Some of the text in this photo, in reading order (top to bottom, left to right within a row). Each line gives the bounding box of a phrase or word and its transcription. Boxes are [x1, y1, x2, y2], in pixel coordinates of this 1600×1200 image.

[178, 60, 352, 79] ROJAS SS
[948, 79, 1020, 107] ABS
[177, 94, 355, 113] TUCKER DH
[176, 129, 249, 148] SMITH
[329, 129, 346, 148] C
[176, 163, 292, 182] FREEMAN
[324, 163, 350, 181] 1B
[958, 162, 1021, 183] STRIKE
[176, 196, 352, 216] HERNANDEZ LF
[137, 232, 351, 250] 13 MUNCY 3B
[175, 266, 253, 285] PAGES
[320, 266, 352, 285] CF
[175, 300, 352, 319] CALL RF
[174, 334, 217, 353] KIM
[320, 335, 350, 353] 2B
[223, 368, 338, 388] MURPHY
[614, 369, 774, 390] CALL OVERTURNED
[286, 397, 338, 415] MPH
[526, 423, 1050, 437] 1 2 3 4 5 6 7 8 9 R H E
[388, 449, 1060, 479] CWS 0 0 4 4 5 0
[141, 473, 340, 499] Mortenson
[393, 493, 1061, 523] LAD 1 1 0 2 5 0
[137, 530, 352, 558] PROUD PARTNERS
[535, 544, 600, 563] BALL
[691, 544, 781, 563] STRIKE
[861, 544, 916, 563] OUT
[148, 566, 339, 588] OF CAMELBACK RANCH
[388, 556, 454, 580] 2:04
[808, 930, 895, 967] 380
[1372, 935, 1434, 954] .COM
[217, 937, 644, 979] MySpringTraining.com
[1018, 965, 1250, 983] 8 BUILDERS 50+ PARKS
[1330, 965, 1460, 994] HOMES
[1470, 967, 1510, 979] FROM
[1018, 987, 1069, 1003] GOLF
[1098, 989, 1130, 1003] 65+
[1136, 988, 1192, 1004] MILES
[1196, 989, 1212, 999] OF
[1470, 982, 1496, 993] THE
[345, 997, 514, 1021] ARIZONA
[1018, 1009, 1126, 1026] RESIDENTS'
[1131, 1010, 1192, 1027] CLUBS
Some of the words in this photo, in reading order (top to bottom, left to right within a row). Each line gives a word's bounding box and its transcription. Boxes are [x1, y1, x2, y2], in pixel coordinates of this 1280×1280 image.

:::

• ASSIGNMENT: Give back the data above exactly, so that every line matches.

• RESPONSE AREA:
Some of the text in this photo, in reading order (top to bottom, left to right within a row). Each line gives the bounding box of a phrase or word and its transcription. Boxes are [x1, y1, x2, y2], in pixel coordinates of this 1600×1200 image.

[178, 60, 352, 79] ROJAS SS
[948, 79, 1020, 107] ABS
[177, 94, 355, 113] TUCKER DH
[176, 129, 249, 148] SMITH
[329, 129, 346, 148] C
[176, 163, 292, 182] FREEMAN
[324, 163, 350, 181] 1B
[958, 162, 1021, 183] STRIKE
[176, 196, 352, 216] HERNANDEZ LF
[137, 232, 351, 250] 13 MUNCY 3B
[175, 266, 253, 285] PAGES
[320, 266, 352, 285] CF
[175, 300, 352, 319] CALL RF
[174, 334, 217, 353] KIM
[320, 335, 350, 353] 2B
[223, 368, 338, 388] MURPHY
[614, 369, 774, 390] CALL OVERTURNED
[286, 397, 338, 415] MPH
[526, 423, 1050, 437] 1 2 3 4 5 6 7 8 9 R H E
[388, 449, 1060, 479] CWS 0 0 4 4 5 0
[141, 473, 340, 499] Mortenson
[393, 493, 1061, 523] LAD 1 1 0 2 5 0
[137, 530, 352, 558] PROUD PARTNERS
[535, 544, 600, 563] BALL
[691, 544, 781, 563] STRIKE
[861, 544, 916, 563] OUT
[148, 566, 339, 588] OF CAMELBACK RANCH
[388, 556, 454, 580] 2:04
[808, 930, 895, 967] 380
[1372, 935, 1434, 954] .COM
[217, 937, 644, 979] MySpringTraining.com
[1018, 965, 1250, 983] 8 BUILDERS 50+ PARKS
[1330, 965, 1460, 994] HOMES
[1470, 967, 1510, 979] FROM
[1018, 987, 1069, 1003] GOLF
[1098, 989, 1130, 1003] 65+
[1136, 988, 1192, 1004] MILES
[1196, 989, 1212, 999] OF
[1470, 982, 1496, 993] THE
[345, 997, 514, 1021] ARIZONA
[1018, 1009, 1126, 1026] RESIDENTS'
[1131, 1010, 1192, 1027] CLUBS
Some of the words in this photo, in reading order (top to bottom, left to right within a row). Each line gives a word's bounding box and its transcription. Boxes are [x1, y1, x2, y2], in pixel coordinates of this 1280×1280 image.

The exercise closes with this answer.